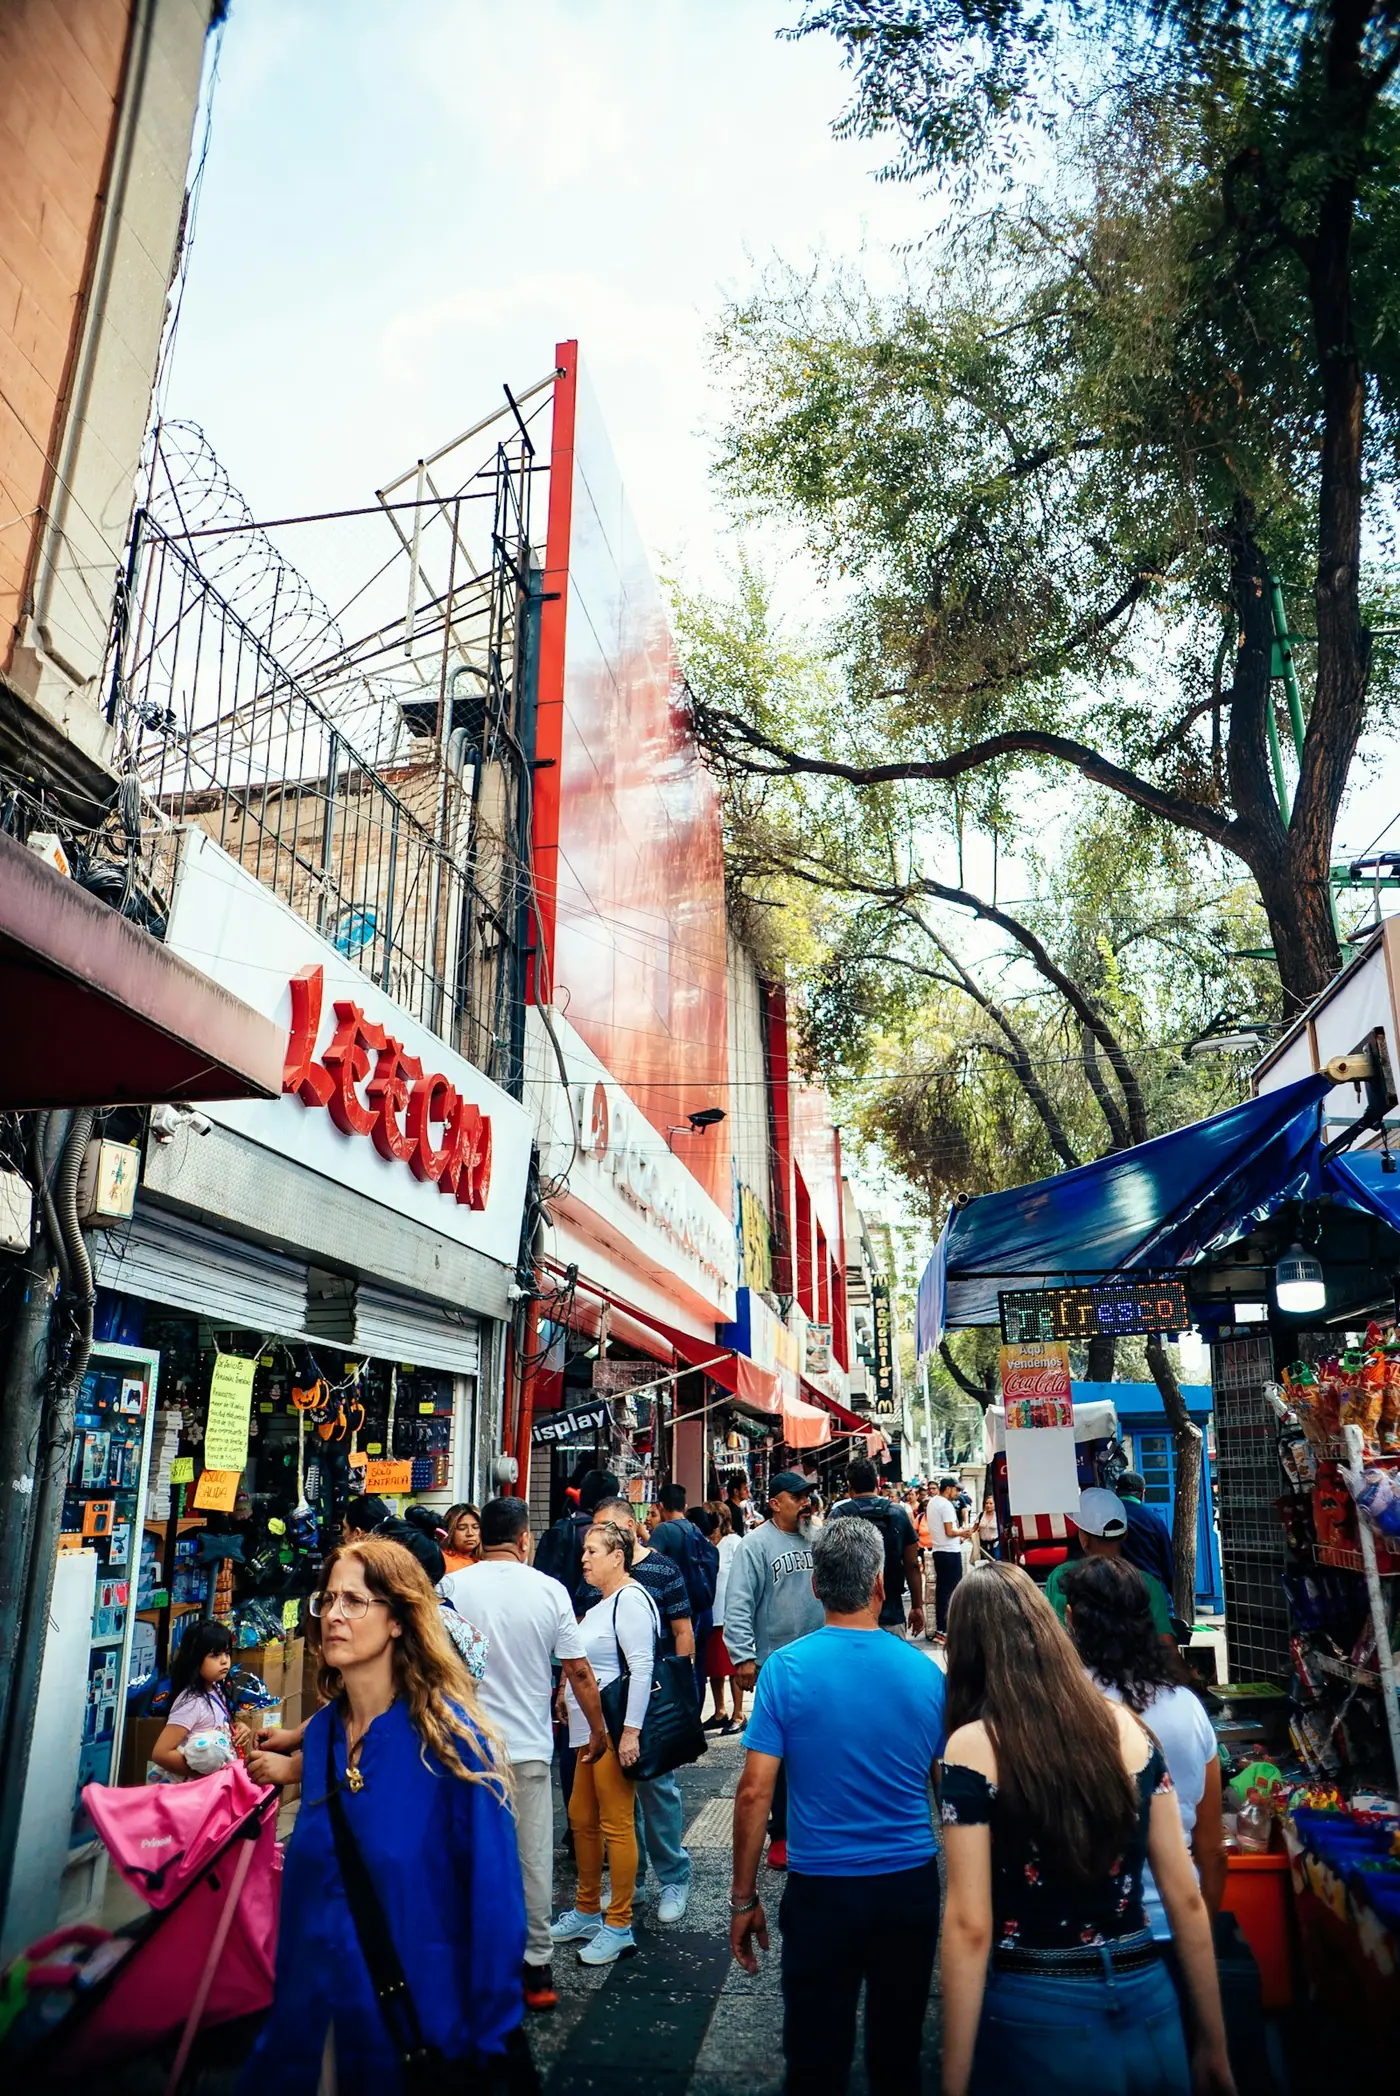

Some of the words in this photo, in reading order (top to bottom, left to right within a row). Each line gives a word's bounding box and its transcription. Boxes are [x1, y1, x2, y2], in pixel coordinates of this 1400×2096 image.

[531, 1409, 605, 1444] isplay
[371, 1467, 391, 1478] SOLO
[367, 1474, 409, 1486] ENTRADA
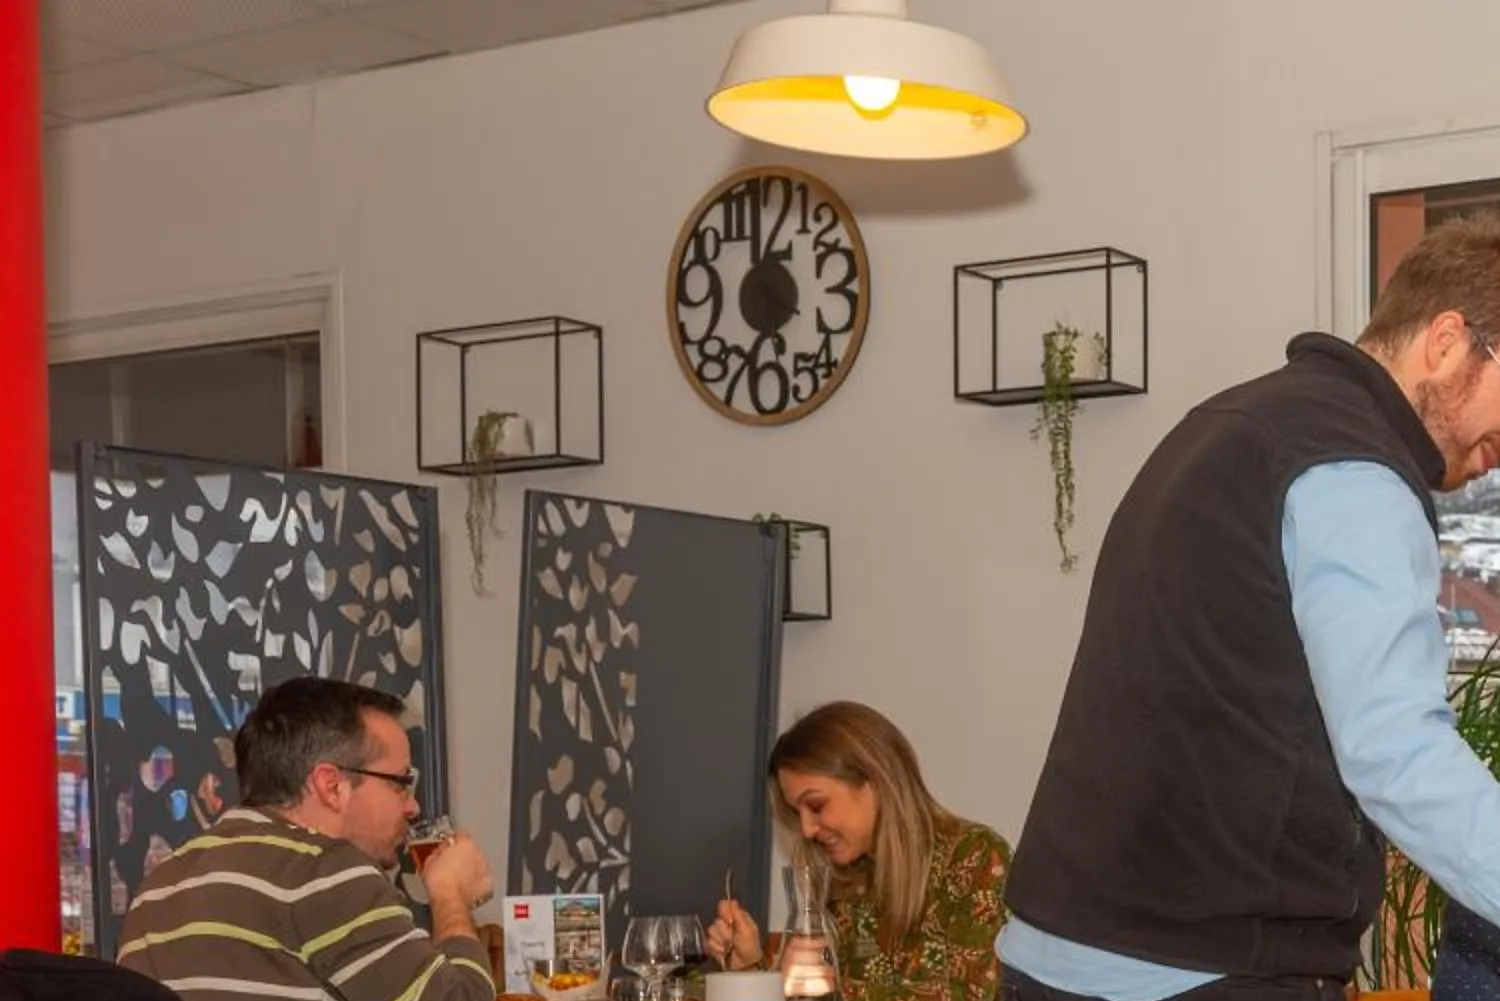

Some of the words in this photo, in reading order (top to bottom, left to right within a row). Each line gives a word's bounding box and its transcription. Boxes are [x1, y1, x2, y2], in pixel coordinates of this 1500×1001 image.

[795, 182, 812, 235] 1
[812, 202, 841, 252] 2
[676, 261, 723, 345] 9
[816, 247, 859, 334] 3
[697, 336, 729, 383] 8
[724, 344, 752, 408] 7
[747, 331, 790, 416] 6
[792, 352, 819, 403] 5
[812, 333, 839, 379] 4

* [Task statement]: The expected answer is the full listing above, transcribed exactly and without pictures.

* [Result]:
Some of the words in this photo, in reading order (top to bottom, left to right within a row). Each line gives a word's bounding box and its transcription. Boxes are [x1, y1, x2, y2], in pixel coordinates of this 1400×2096 image.

[531, 1409, 605, 1444] isplay
[371, 1467, 391, 1478] SOLO
[367, 1474, 409, 1486] ENTRADA

Some of the words in this photo, in reading order (top to bottom, left to right within a row). Each line gives a word's bounding box and its transcription. Boxes are [x1, y1, x2, y2], in pixel coordinates of this 1500×1001 image.

[795, 182, 812, 235] 1
[812, 202, 841, 252] 2
[676, 261, 723, 345] 9
[816, 247, 859, 334] 3
[697, 336, 729, 383] 8
[724, 344, 752, 408] 7
[747, 331, 790, 416] 6
[792, 352, 819, 403] 5
[812, 333, 839, 379] 4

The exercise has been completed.